* [DATA RECORDS]
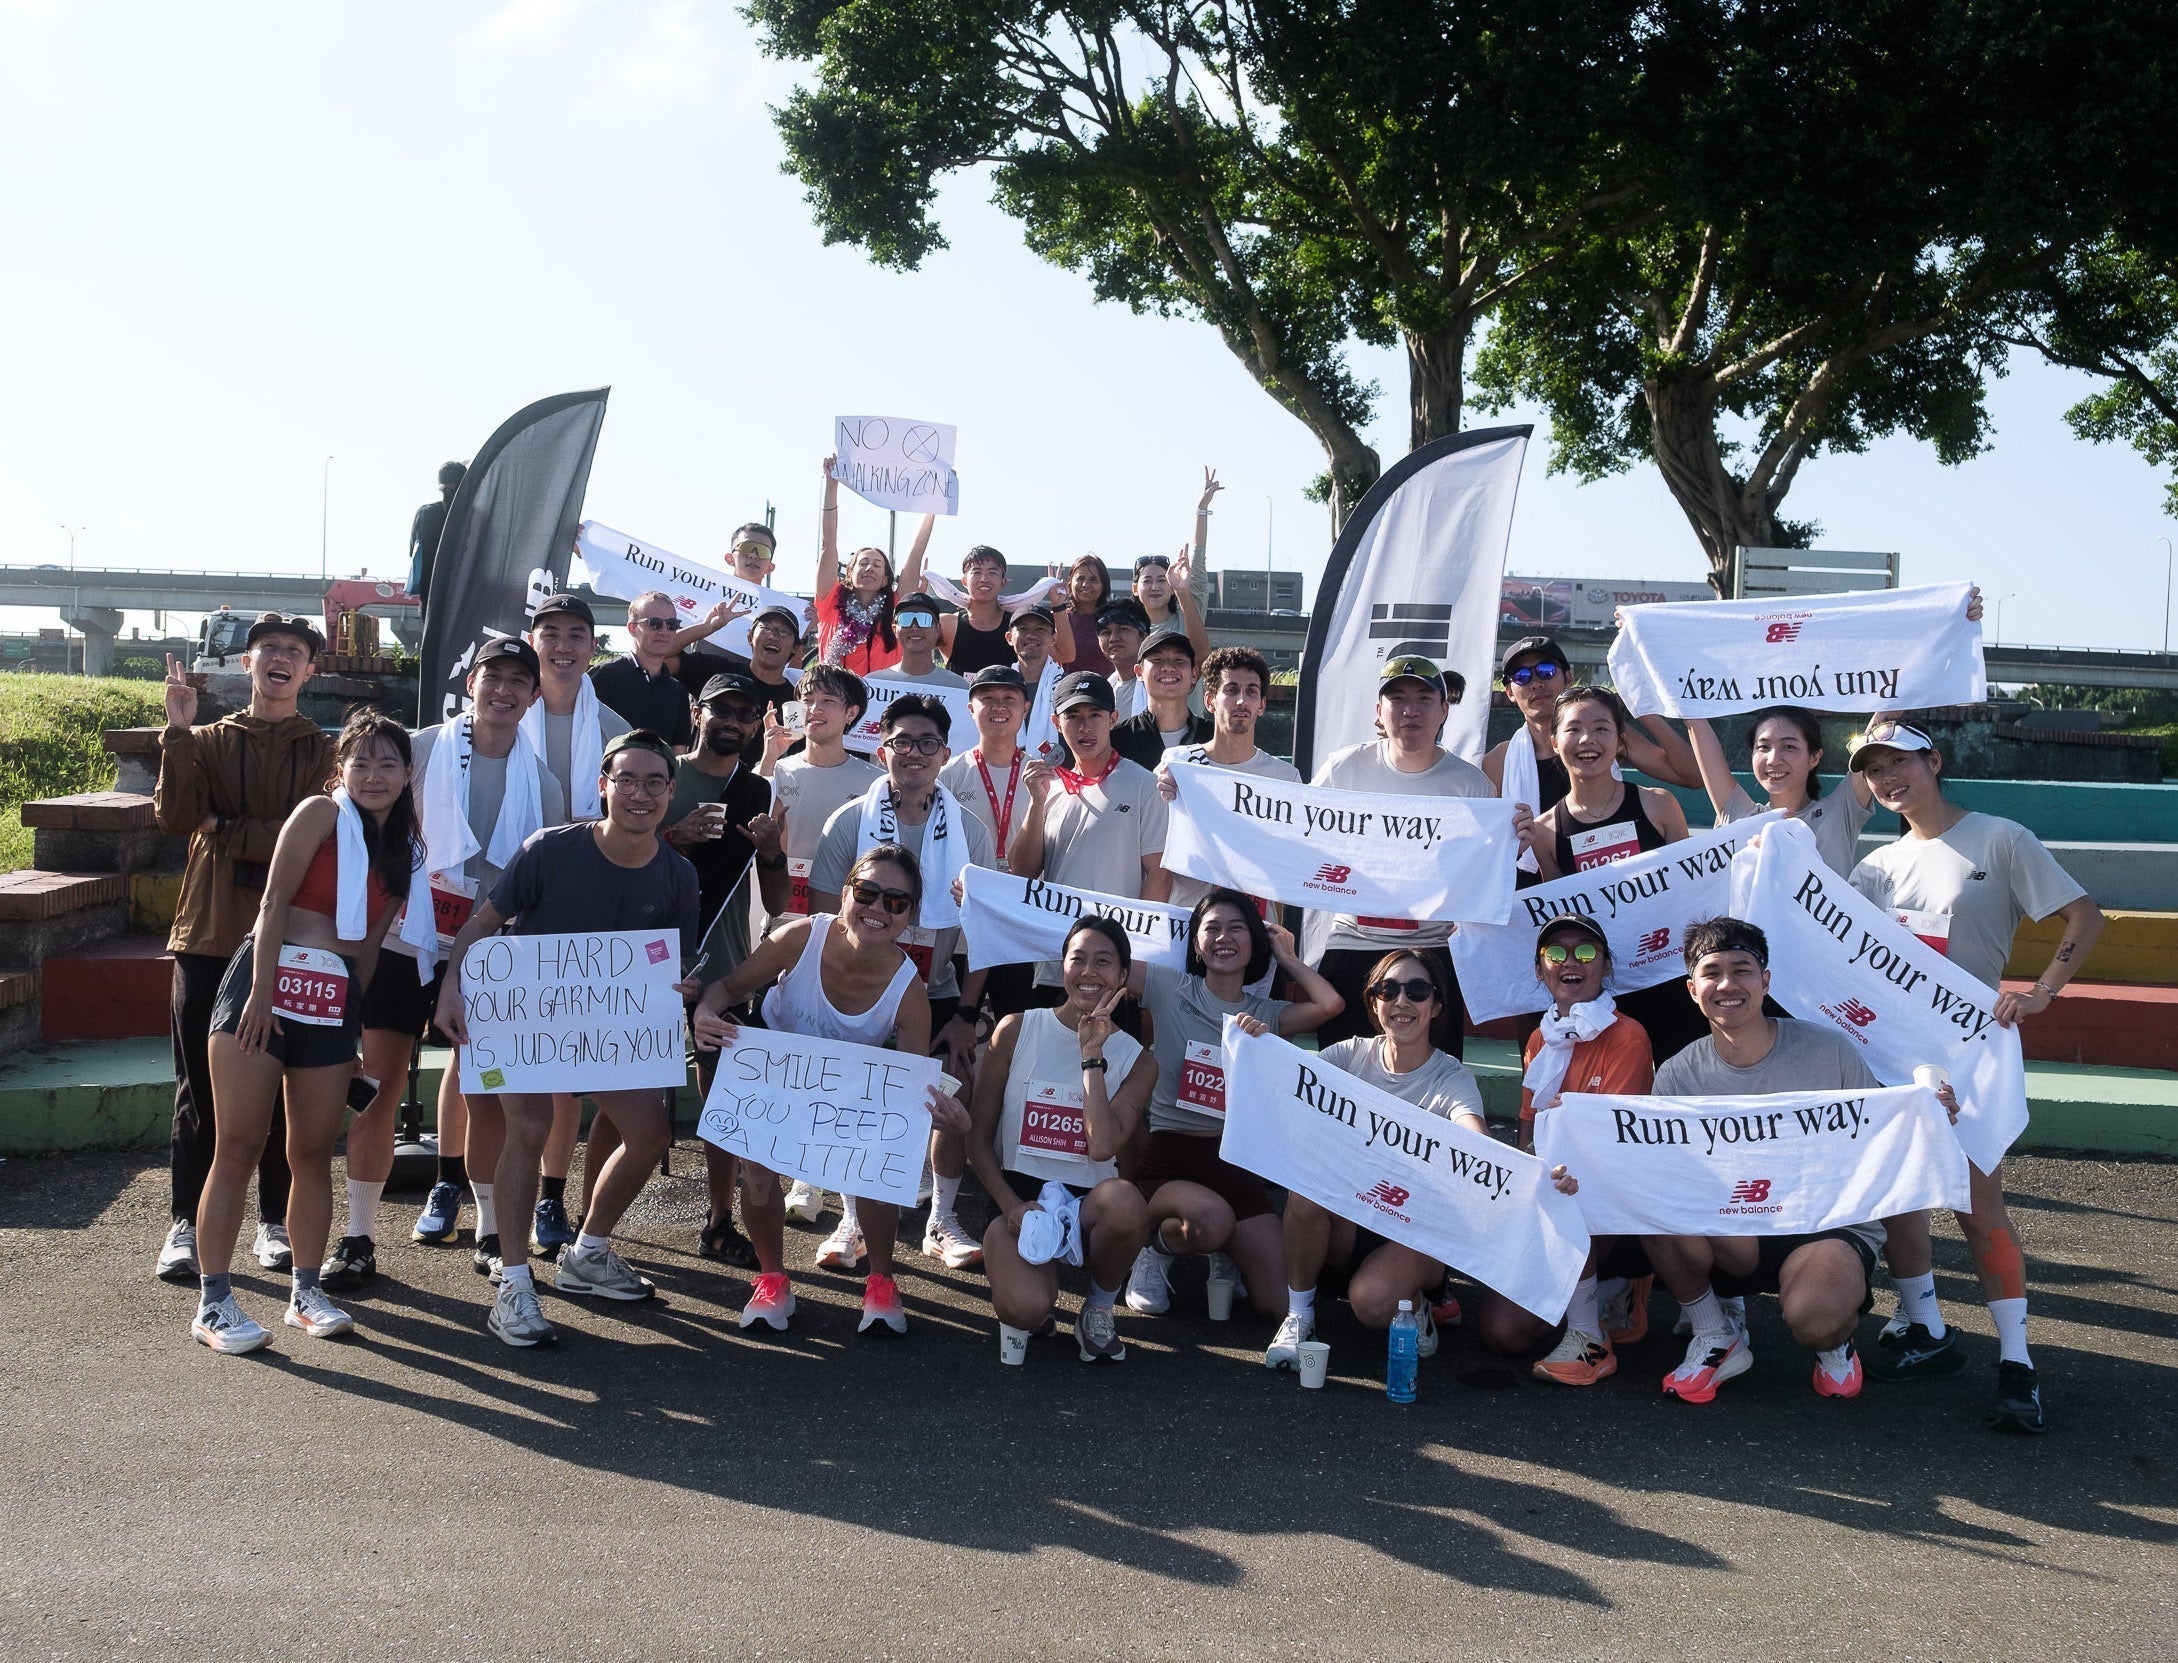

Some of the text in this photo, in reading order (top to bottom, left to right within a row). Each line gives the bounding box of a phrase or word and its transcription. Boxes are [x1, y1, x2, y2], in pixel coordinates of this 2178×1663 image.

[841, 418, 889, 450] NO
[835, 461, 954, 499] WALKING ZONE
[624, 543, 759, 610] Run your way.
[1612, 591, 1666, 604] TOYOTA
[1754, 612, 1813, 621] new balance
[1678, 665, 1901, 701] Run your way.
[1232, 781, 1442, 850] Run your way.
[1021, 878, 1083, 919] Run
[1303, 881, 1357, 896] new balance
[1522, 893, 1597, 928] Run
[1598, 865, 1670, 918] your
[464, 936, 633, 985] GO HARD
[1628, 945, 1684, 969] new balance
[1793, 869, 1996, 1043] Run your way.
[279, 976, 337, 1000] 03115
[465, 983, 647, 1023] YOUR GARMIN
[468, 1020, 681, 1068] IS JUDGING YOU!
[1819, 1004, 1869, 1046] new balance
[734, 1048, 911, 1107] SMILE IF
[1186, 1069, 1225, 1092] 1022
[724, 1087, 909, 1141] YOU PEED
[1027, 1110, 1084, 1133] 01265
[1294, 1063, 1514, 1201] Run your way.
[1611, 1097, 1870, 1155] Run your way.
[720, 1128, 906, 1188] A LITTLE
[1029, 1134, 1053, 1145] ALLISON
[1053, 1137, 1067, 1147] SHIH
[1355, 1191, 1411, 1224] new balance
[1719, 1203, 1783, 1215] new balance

* [ASSIGNMENT] Write the material out again word for word and omit any images.

* [RESULT BELOW]
Some of the text in this photo, in reading order (top to bottom, left to right within a row). Each line gives the bounding box of a phrase or word and its transcription. Boxes are [x1, y1, x2, y2], in pixel coordinates of this 2178×1663 image.

[841, 418, 889, 450] NO
[835, 461, 954, 499] WALKING ZONE
[624, 543, 759, 610] Run your way.
[1612, 591, 1666, 604] TOYOTA
[1754, 612, 1813, 621] new balance
[1678, 665, 1901, 701] Run your way.
[1232, 781, 1442, 850] Run your way.
[1021, 878, 1083, 919] Run
[1303, 881, 1357, 896] new balance
[1522, 893, 1597, 928] Run
[1598, 865, 1670, 918] your
[464, 936, 633, 985] GO HARD
[1628, 945, 1684, 969] new balance
[1793, 869, 1996, 1043] Run your way.
[279, 976, 337, 1000] 03115
[465, 983, 647, 1023] YOUR GARMIN
[468, 1020, 681, 1068] IS JUDGING YOU!
[1819, 1004, 1869, 1046] new balance
[734, 1048, 911, 1107] SMILE IF
[1186, 1069, 1225, 1092] 1022
[724, 1087, 909, 1141] YOU PEED
[1027, 1110, 1084, 1133] 01265
[1294, 1063, 1514, 1201] Run your way.
[1611, 1097, 1870, 1155] Run your way.
[720, 1128, 906, 1188] A LITTLE
[1029, 1134, 1053, 1145] ALLISON
[1053, 1137, 1067, 1147] SHIH
[1355, 1191, 1411, 1224] new balance
[1719, 1203, 1783, 1215] new balance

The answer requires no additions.